> _TASK GOAL_
From the first line to the last, please reproduce the material exactly, skipping the pictures.

==== RECORDS PROVIDED ====

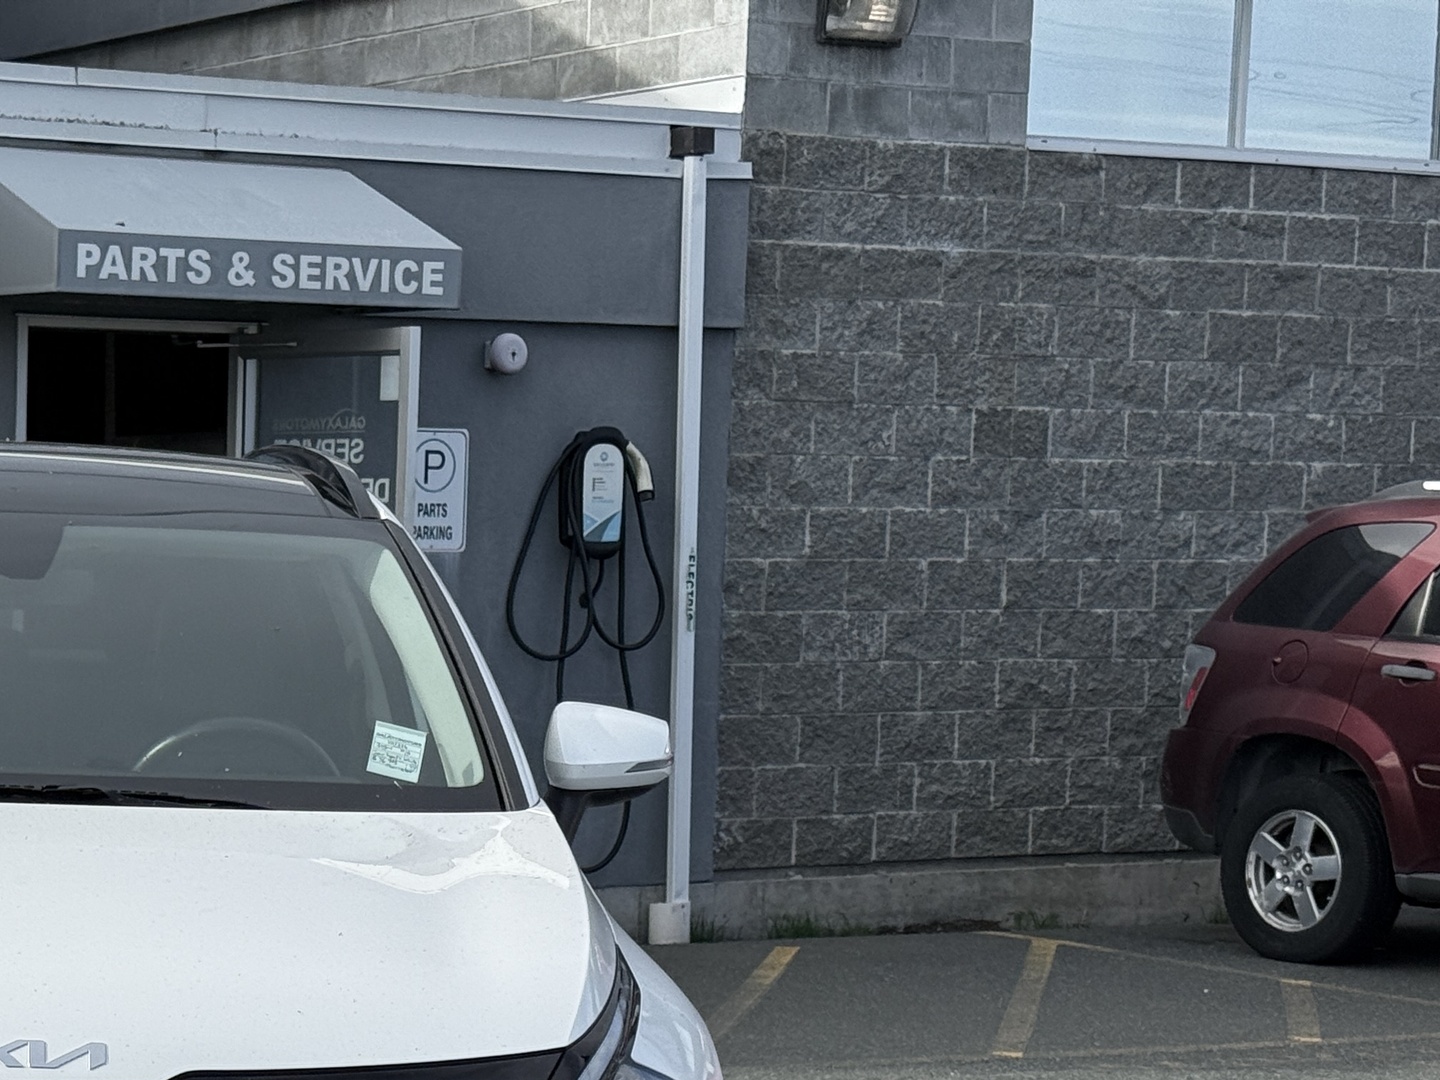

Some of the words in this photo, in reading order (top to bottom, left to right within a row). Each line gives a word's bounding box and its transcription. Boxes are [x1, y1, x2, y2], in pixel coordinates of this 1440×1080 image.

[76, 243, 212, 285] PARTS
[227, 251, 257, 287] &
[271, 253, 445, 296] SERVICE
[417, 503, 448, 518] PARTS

====

> _COMPLETED EXERCISE_
Some of the words in this photo, in reading order (top to bottom, left to right within a row). Each line gives a word's bounding box and its transcription. Boxes are [x1, y1, x2, y2], in pixel coordinates of this 1440×1080 image.

[76, 243, 212, 285] PARTS
[227, 251, 257, 287] &
[271, 253, 445, 296] SERVICE
[417, 503, 448, 518] PARTS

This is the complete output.